What is expected
Keep the pictures out. Write out every line of the listing exactly.
++++ Data provided
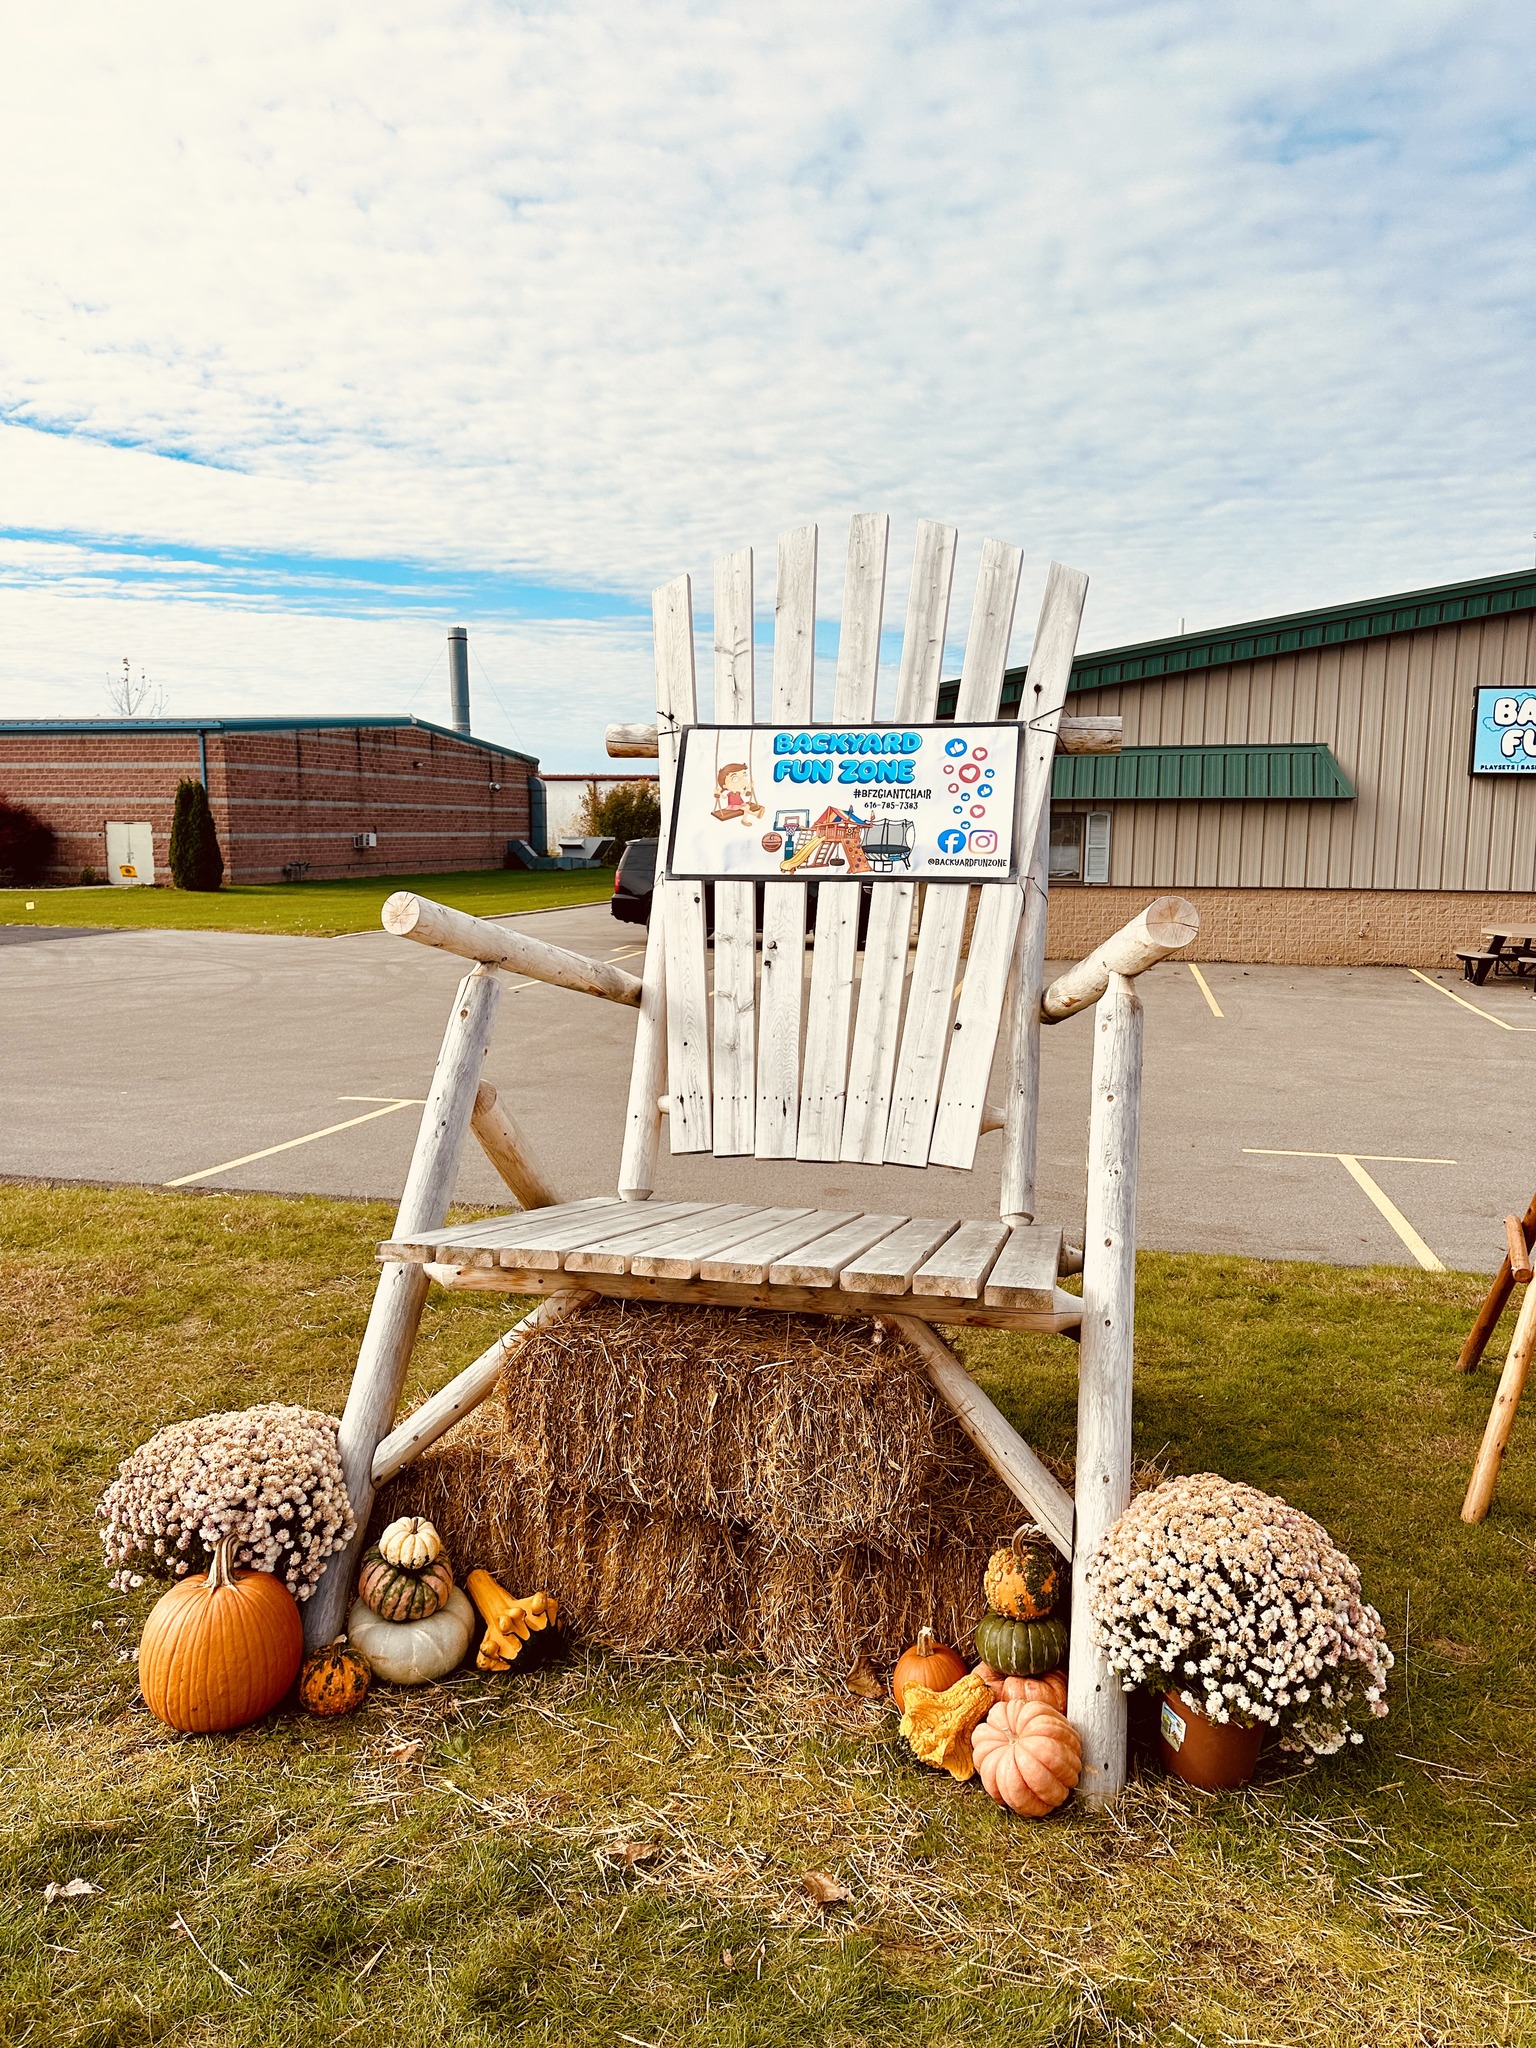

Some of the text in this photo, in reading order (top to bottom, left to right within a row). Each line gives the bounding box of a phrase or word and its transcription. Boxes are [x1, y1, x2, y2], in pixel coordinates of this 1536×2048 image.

[773, 732, 923, 755] BACKYARD
[773, 759, 917, 784] FUN ZONE
[853, 788, 932, 799] #BFZGIANTCHAIR
[864, 801, 919, 810] 616-785-7383
[927, 858, 1008, 867] @BACKYARDFUNZONE
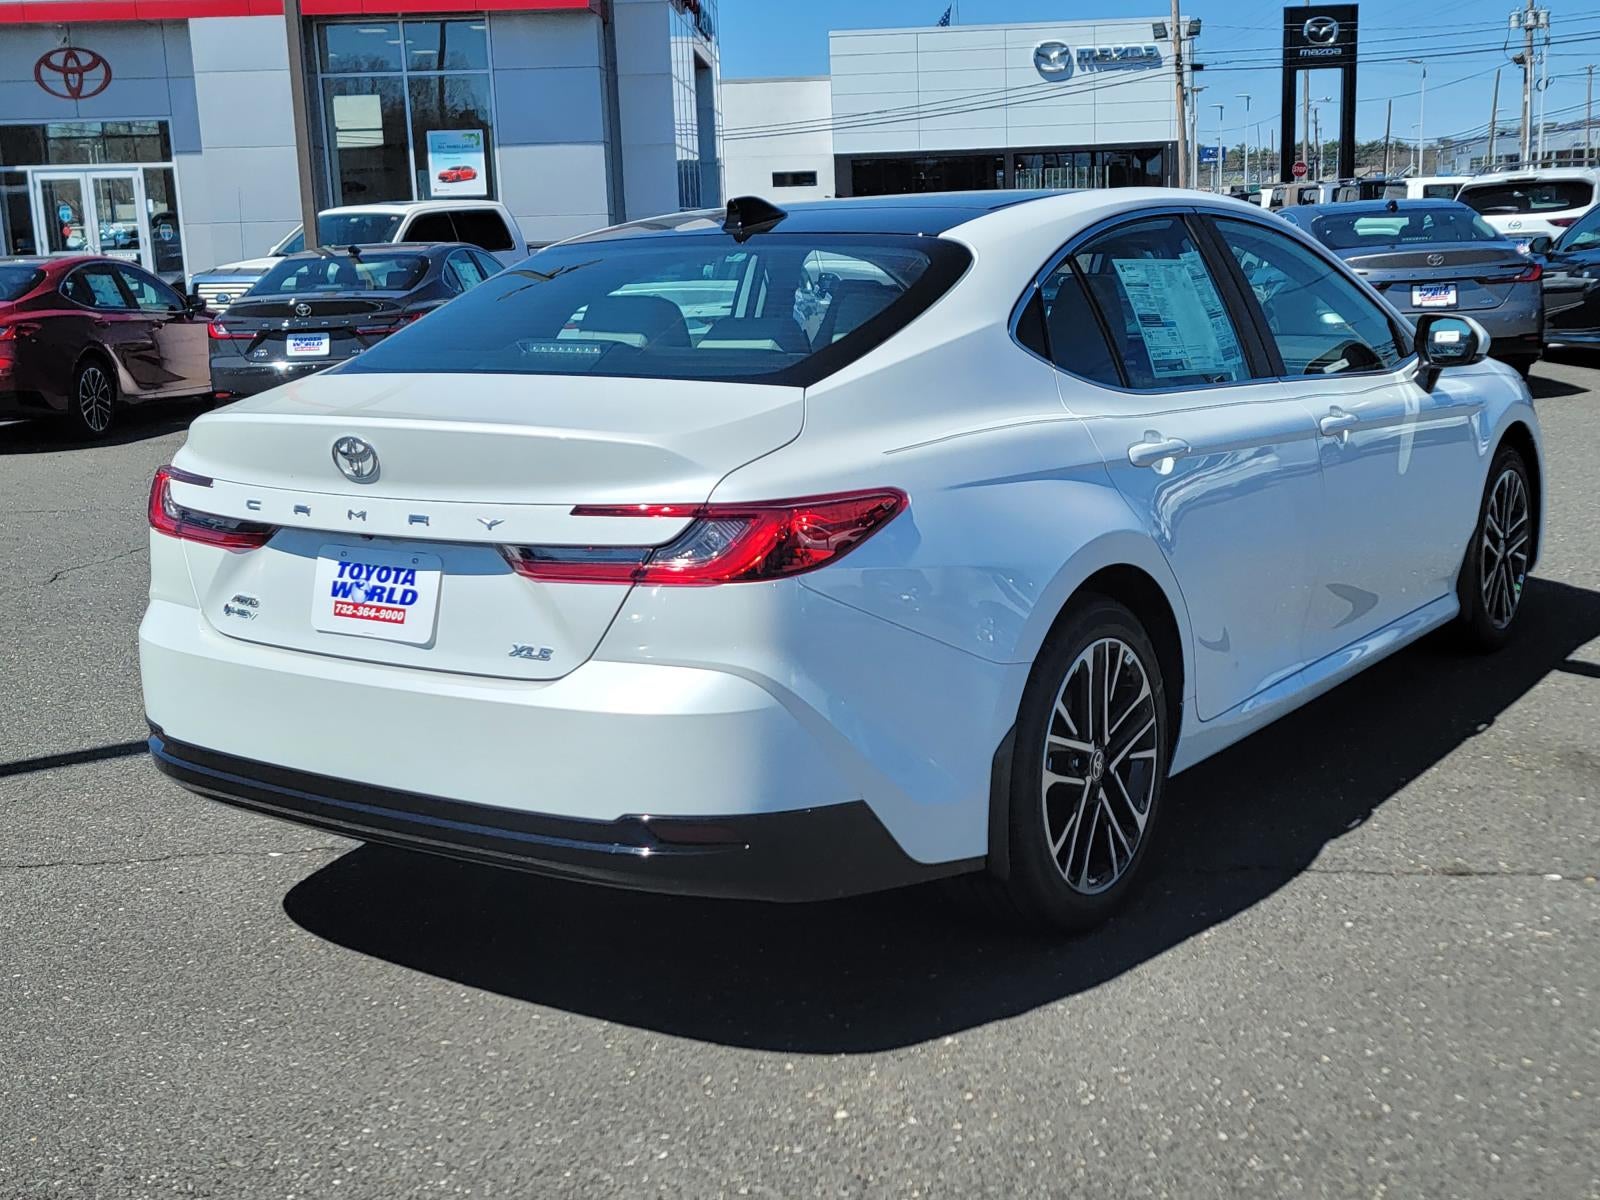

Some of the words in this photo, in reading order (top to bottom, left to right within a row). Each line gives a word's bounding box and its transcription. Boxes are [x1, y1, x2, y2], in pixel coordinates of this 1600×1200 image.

[246, 499, 505, 531] CAMRY
[337, 561, 416, 586] TOYOTA
[335, 604, 404, 621] 732-364-9000
[508, 644, 554, 662] XLE
++++++++
Result of the exercise
Some of the text in this photo, in reading order (top to bottom, left to right within a row). Each line gives the bounding box of a phrase or word and its transcription. Boxes are [x1, y1, x2, y2], in pixel coordinates of this 1536×2048 image.

[773, 732, 923, 755] BACKYARD
[773, 759, 917, 784] FUN ZONE
[853, 788, 932, 799] #BFZGIANTCHAIR
[864, 801, 919, 810] 616-785-7383
[927, 858, 1008, 867] @BACKYARDFUNZONE

Some of the words in this photo, in reading order (top to bottom, left to right within a row). Each line gives a word's bounding box and its transcription. Boxes are [x1, y1, x2, y2], in pixel coordinates of this 1600×1200 image.

[246, 499, 505, 531] CAMRY
[337, 561, 416, 586] TOYOTA
[335, 604, 404, 621] 732-364-9000
[508, 644, 554, 662] XLE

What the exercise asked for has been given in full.